Scancell Holdings has announced that the U.S. Food and Drug Administration (FDA) has cleared its Investigational New Drug (IND) application for a registrational Phase 3 trial of iSCIB1+ Immunobody in advanced melanoma. The trial will use progression free survival (PFS) as the agreed surrogate endpoint.

The decision follows completion of the 140-patient SCOPE Phase 2 study, a UK-based, multi-centre, open-label trial evaluating SCIB1 and iSCIB1+ in combination with nivolumab plus ipilimumab in previously untreated unresectable stage 3B/IV melanoma. Analysis of the Phase 2 data indicated potentially best-in-class efficacy and durability, and identified a selection marker to enrich the Phase 3 trial for responders.

Dr Phil L’Huillier, CEO of Scancell, said: “This IND clearance creates a clear pathway for late-stage registrational development of our iSCIB1+ Immunobody. Data from the Phase 2 SCOPE trial shows a significant improvement in progression free survival as well as emerging overall survival with iSCIB1+ compared to historic benchmarks. I take this endorsement of our program as a strong measure of the clinical benefit and safety of our very novel product as well as the quality of our manufacturing and preclinical work. We are continuing our dialogue with regulators broadly as we continue to evaluate all financing options, including partnering discussions, for the Phase 3 trial.”

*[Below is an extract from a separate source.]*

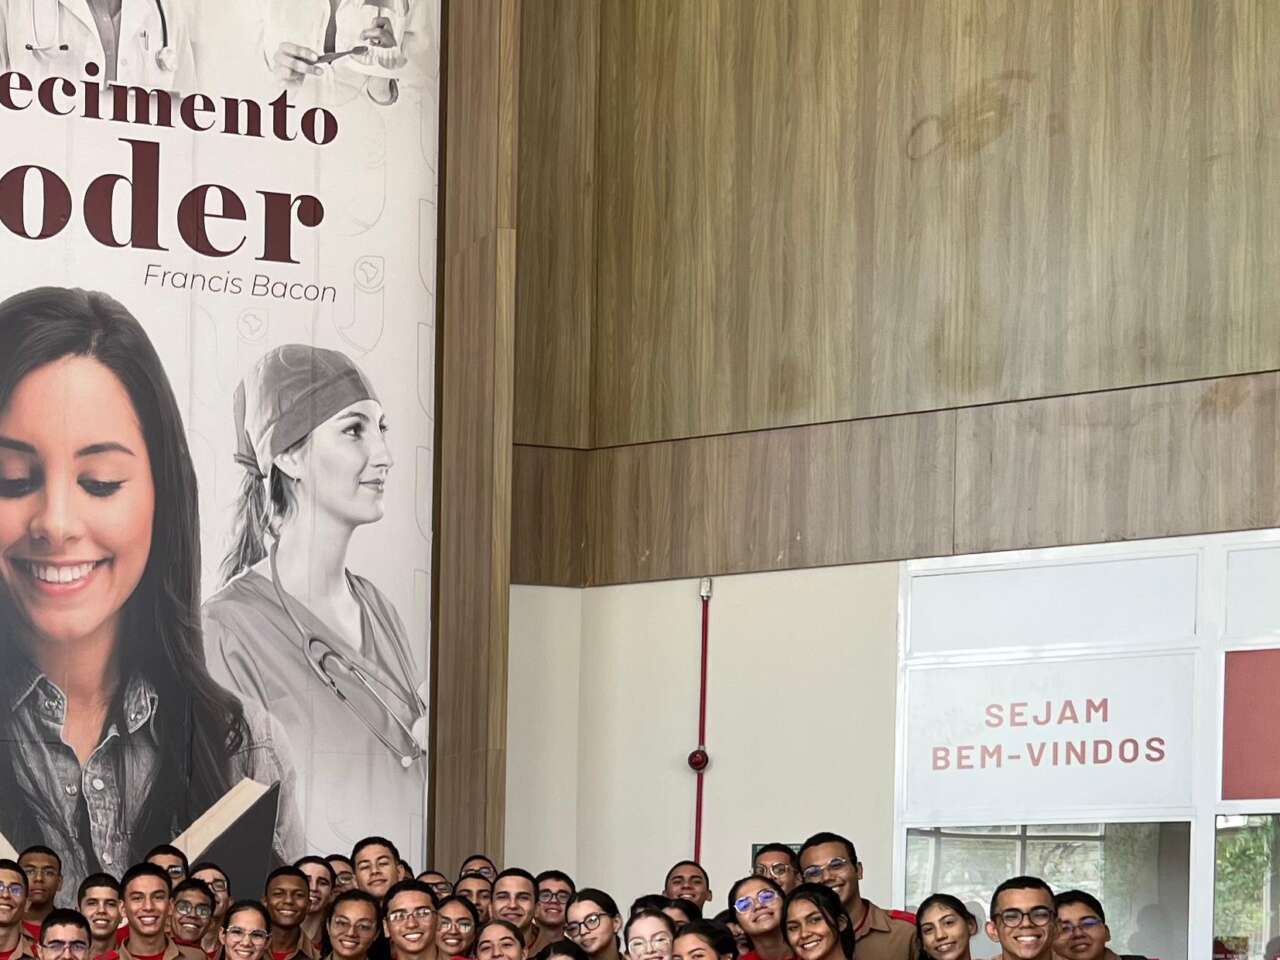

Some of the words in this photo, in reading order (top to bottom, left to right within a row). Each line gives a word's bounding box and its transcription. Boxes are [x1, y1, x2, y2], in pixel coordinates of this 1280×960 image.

[143, 263, 243, 296] Francis
[251, 274, 338, 304] Bacon
[984, 697, 1109, 728] SEJAM
[932, 737, 1166, 771] BEM-VINDOS

Updated results from Cohort 3 of the SCOPE trial, which enrolled patients with selected human leukocyte antigen (HLA) alleles representing 80% of melanoma patients, showed PFS of 74% at 16 months. This compares with the current standard of care—ipilimumab plus nivolumab alone—reporting 50% PFS at 11.5 months. The benefit remained consistent across key subgroups including PD-L1 low, BRAF wildtype, and patients with prior checkpoint inhibitor exposure.

iSCIB1+ is administered needle-free intramuscularly and is part of Scancell’s Immunobody platform, which aims to induce strong, durable anti-tumour immunity. SCOPE is designed to evaluate the efficacy, safety, and durability of SCIB1 and iSCIB1+ therapies in combination with standard checkpoint inhibitors and to define parameters for a Phase 3 registration trial.